**What you are asked to do:**
Leaving out the images, transcribe every record below exactly.

**Supplied data:**

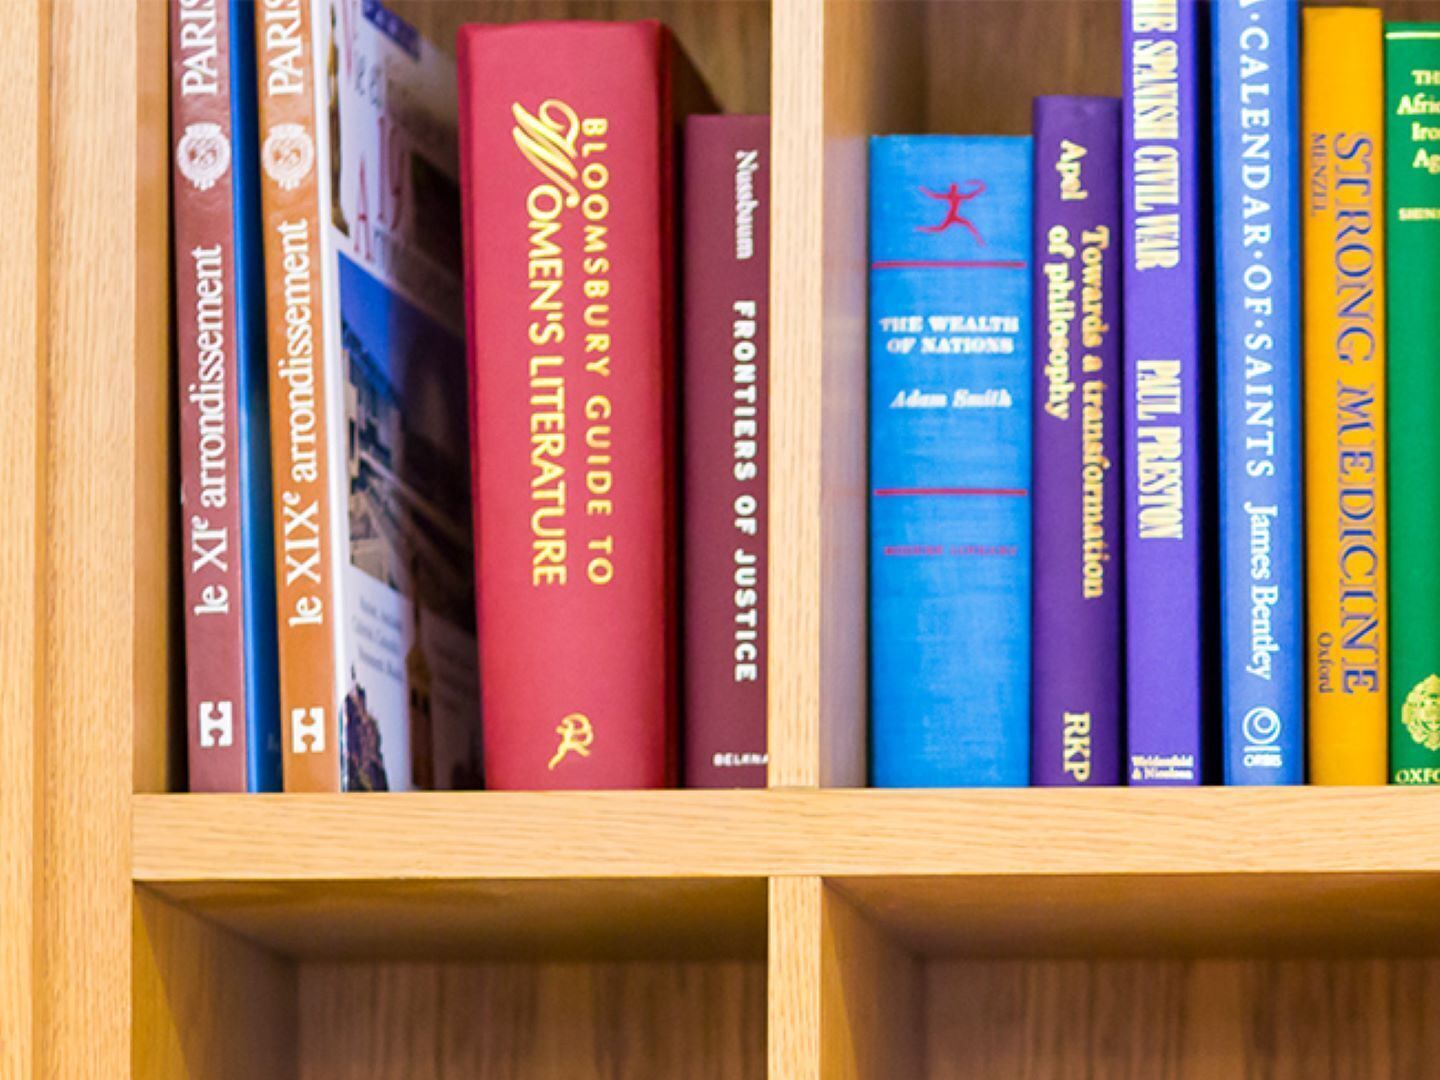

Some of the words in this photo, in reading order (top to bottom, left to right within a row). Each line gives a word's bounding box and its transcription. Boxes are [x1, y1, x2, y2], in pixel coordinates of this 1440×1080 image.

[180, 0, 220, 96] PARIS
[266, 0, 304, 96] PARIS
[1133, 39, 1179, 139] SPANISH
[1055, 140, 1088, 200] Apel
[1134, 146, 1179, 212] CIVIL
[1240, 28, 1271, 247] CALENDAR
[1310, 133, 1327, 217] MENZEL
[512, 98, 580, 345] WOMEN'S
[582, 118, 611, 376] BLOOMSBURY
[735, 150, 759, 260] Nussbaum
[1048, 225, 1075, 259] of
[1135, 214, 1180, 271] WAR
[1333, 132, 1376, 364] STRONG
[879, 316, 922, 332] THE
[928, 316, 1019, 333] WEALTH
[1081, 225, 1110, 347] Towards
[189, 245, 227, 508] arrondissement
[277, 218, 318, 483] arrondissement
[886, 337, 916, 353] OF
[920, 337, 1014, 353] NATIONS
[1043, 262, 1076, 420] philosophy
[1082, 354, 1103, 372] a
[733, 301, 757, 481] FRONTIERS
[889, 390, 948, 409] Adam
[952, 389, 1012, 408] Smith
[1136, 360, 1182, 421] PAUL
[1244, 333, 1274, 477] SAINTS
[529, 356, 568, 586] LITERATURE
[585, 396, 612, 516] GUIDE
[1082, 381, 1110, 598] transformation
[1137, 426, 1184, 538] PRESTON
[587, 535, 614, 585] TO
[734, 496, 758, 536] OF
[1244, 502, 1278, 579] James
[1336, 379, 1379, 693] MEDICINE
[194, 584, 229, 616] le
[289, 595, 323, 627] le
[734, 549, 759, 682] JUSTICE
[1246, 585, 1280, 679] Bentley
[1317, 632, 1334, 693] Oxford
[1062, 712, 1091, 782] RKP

**Exercise response:**
Some of the words in this photo, in reading order (top to bottom, left to right within a row). Each line gives a word's bounding box and its transcription. Boxes are [x1, y1, x2, y2], in pixel coordinates of this 1440×1080 image.

[180, 0, 220, 96] PARIS
[266, 0, 304, 96] PARIS
[1133, 39, 1179, 139] SPANISH
[1055, 140, 1088, 200] Apel
[1134, 146, 1179, 212] CIVIL
[1240, 28, 1271, 247] CALENDAR
[1310, 133, 1327, 217] MENZEL
[512, 98, 580, 345] WOMEN'S
[582, 118, 611, 376] BLOOMSBURY
[735, 150, 759, 260] Nussbaum
[1048, 225, 1075, 259] of
[1135, 214, 1180, 271] WAR
[1333, 132, 1376, 364] STRONG
[879, 316, 922, 332] THE
[928, 316, 1019, 333] WEALTH
[1081, 225, 1110, 347] Towards
[189, 245, 227, 508] arrondissement
[277, 218, 318, 483] arrondissement
[886, 337, 916, 353] OF
[920, 337, 1014, 353] NATIONS
[1043, 262, 1076, 420] philosophy
[1082, 354, 1103, 372] a
[733, 301, 757, 481] FRONTIERS
[889, 390, 948, 409] Adam
[952, 389, 1012, 408] Smith
[1136, 360, 1182, 421] PAUL
[1244, 333, 1274, 477] SAINTS
[529, 356, 568, 586] LITERATURE
[585, 396, 612, 516] GUIDE
[1082, 381, 1110, 598] transformation
[1137, 426, 1184, 538] PRESTON
[587, 535, 614, 585] TO
[734, 496, 758, 536] OF
[1244, 502, 1278, 579] James
[1336, 379, 1379, 693] MEDICINE
[194, 584, 229, 616] le
[289, 595, 323, 627] le
[734, 549, 759, 682] JUSTICE
[1246, 585, 1280, 679] Bentley
[1317, 632, 1334, 693] Oxford
[1062, 712, 1091, 782] RKP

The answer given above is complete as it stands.